(The data begins)

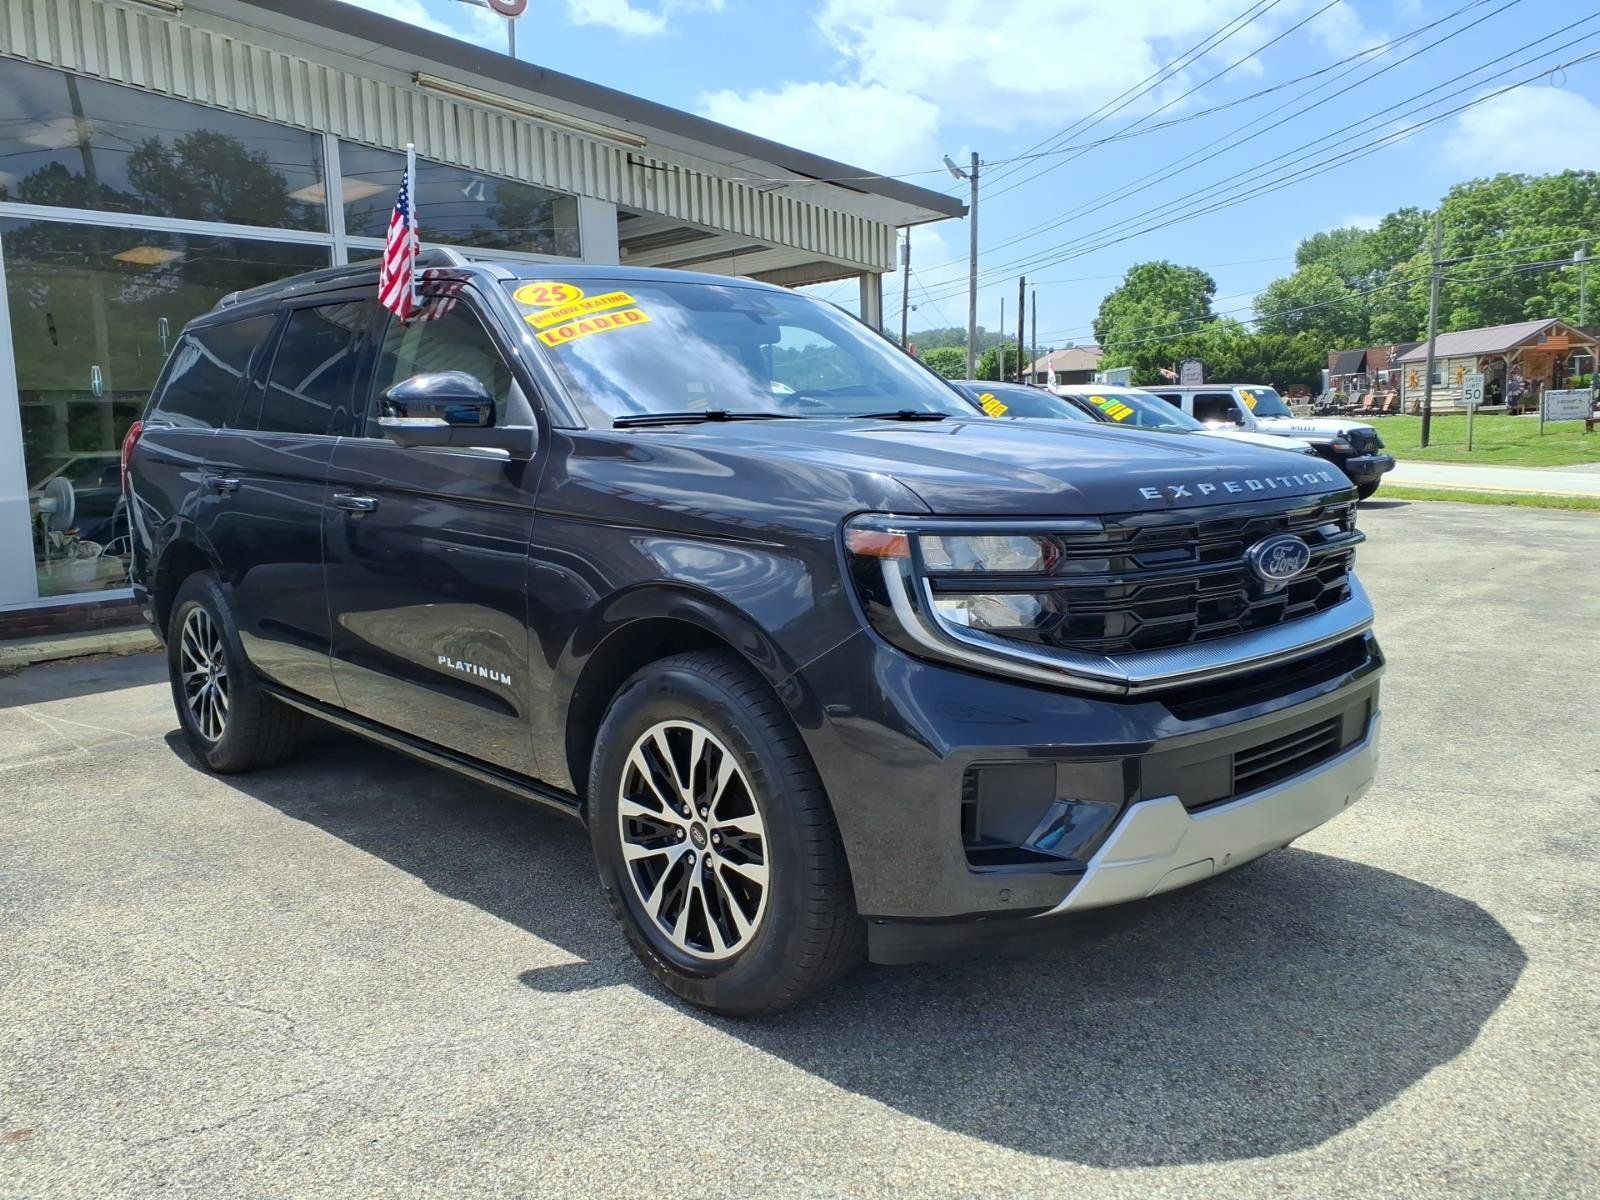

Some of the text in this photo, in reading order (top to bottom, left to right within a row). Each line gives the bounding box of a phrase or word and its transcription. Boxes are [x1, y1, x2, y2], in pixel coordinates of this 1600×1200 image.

[532, 285, 567, 303] 25
[551, 305, 578, 318] ROW
[579, 294, 629, 310] SEATING
[544, 311, 640, 344] LOADED
[1464, 389, 1481, 400] 50
[1139, 471, 1334, 500] EXPEDITION
[1269, 546, 1302, 574] Ford
[438, 655, 512, 686] PLATINUM

(The data ends)

Exercise instructions:
Give the entries again exactly, but skip every image.

Answer to the exercise:
Some of the text in this photo, in reading order (top to bottom, left to right within a row). Each line gives the bounding box of a phrase or word and its transcription. Boxes are [x1, y1, x2, y2], in pixel coordinates of this 1600×1200 image.

[532, 285, 567, 303] 25
[551, 305, 578, 318] ROW
[579, 294, 629, 310] SEATING
[544, 311, 640, 344] LOADED
[1464, 389, 1481, 400] 50
[1139, 471, 1334, 500] EXPEDITION
[1269, 546, 1302, 574] Ford
[438, 655, 512, 686] PLATINUM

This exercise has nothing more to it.